Comment by grogers
4 hours ago
Well it is hedged with the word "fancy". I think a charitable reading is to understand the problem domain. If N is always small then trying to minimize the big-O is just showing off and likely counterproductive in many ways. If N is large, it might be a requirement.
Most people don't need FFT algorithm for multiplying large numbers, Karatsuba's algorithm is fine. But in some domains the difference does matter.
Personally I usually see the opposite effect - people first reach for a too-naive approach and implement some O(n^2) algorithm where it wouldn't have even been more complex to implement something O(n) or O(n log n). And n is almost always small so it works fine, until it blows up spectacularly.
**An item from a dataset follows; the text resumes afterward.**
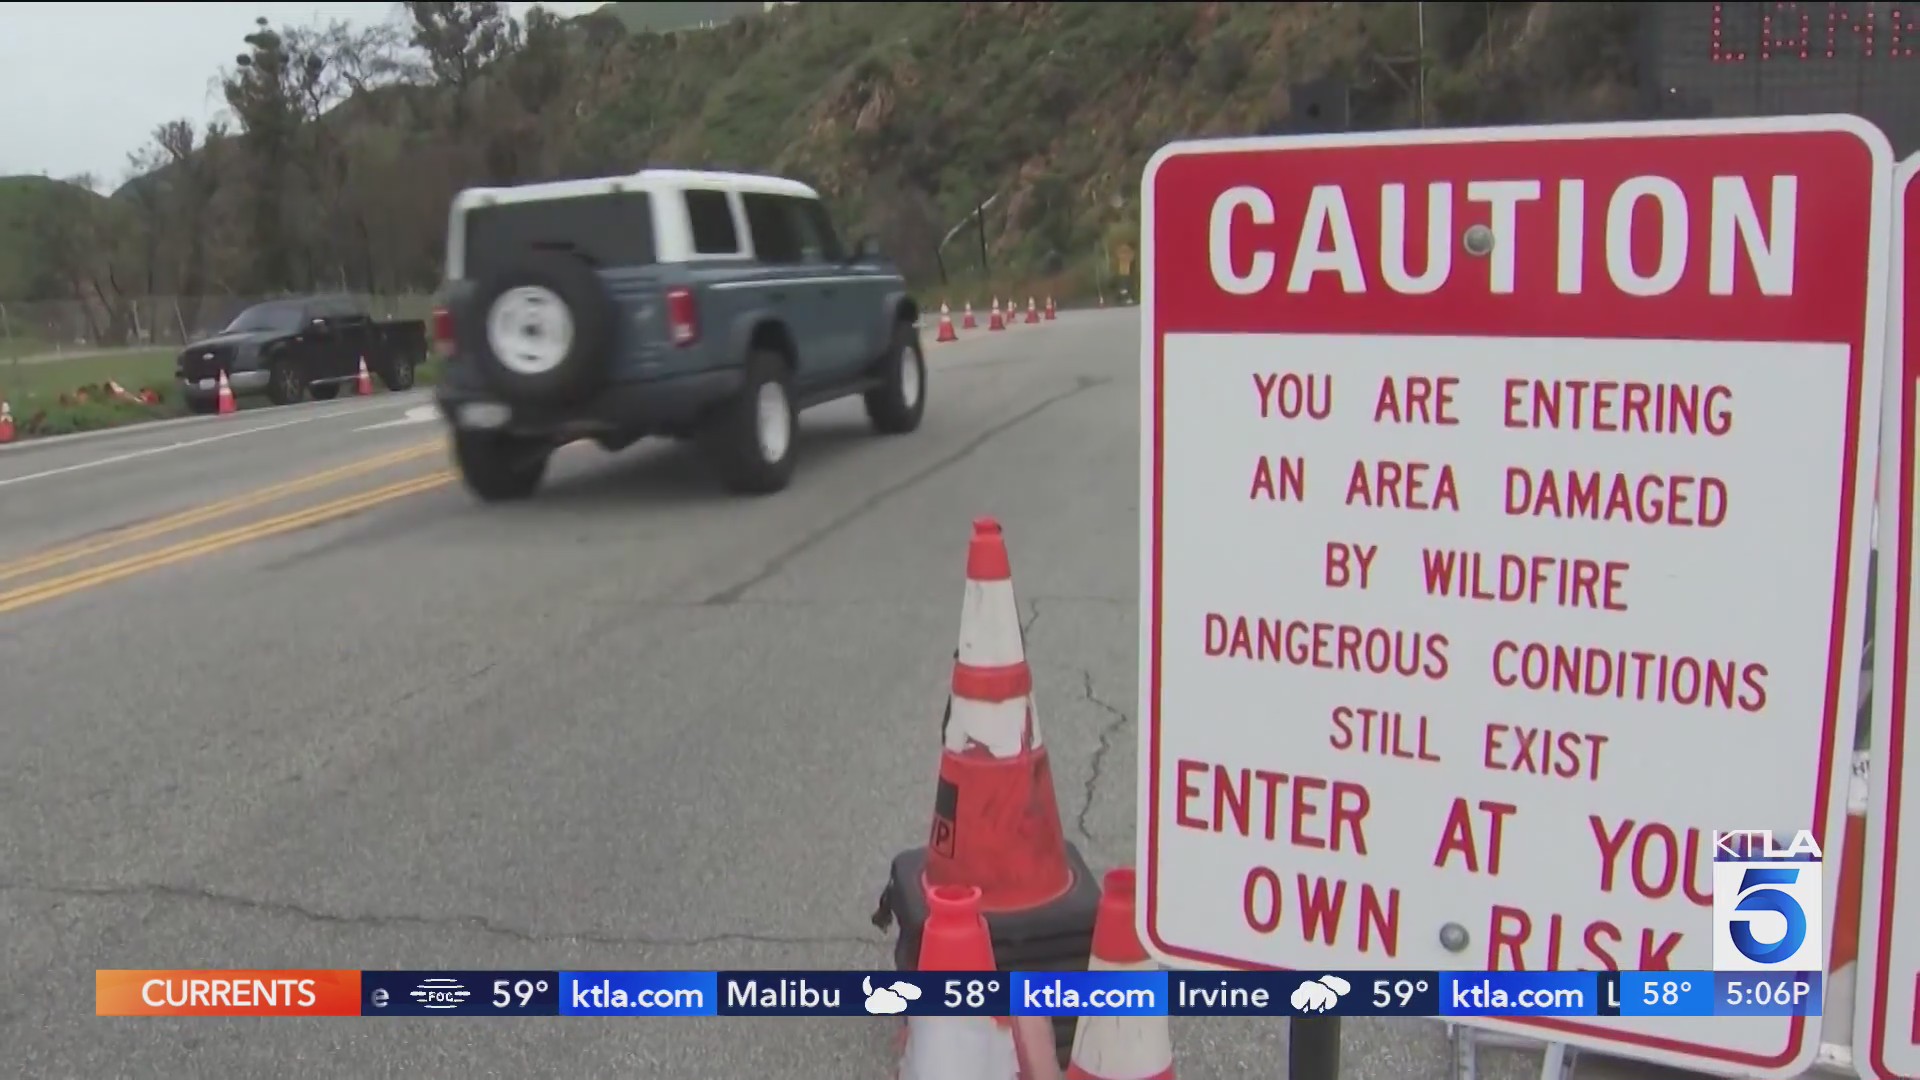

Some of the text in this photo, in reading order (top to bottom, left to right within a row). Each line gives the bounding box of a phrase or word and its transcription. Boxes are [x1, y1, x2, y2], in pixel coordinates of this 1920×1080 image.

> Personally I usually see the opposite effect - people first reach for a too-naive approach and implement some O(n^2) algorithm where it wouldn't have even been more complex to implement something O(n) or O(n log n). And n is almost always small so it works fine, until it blows up spectacularly.
Same. People solve in ways that are very obviously going to cause serious problems in only a few short weeks or months and it’s endlessly frustrating. If you’re building a prototype, fine, but if you’re building for production, very far from fine.
Most frustrating because often there’s next to no cost in selecting and implementing the correct architecture, domain model, data structure, or algorithm up front.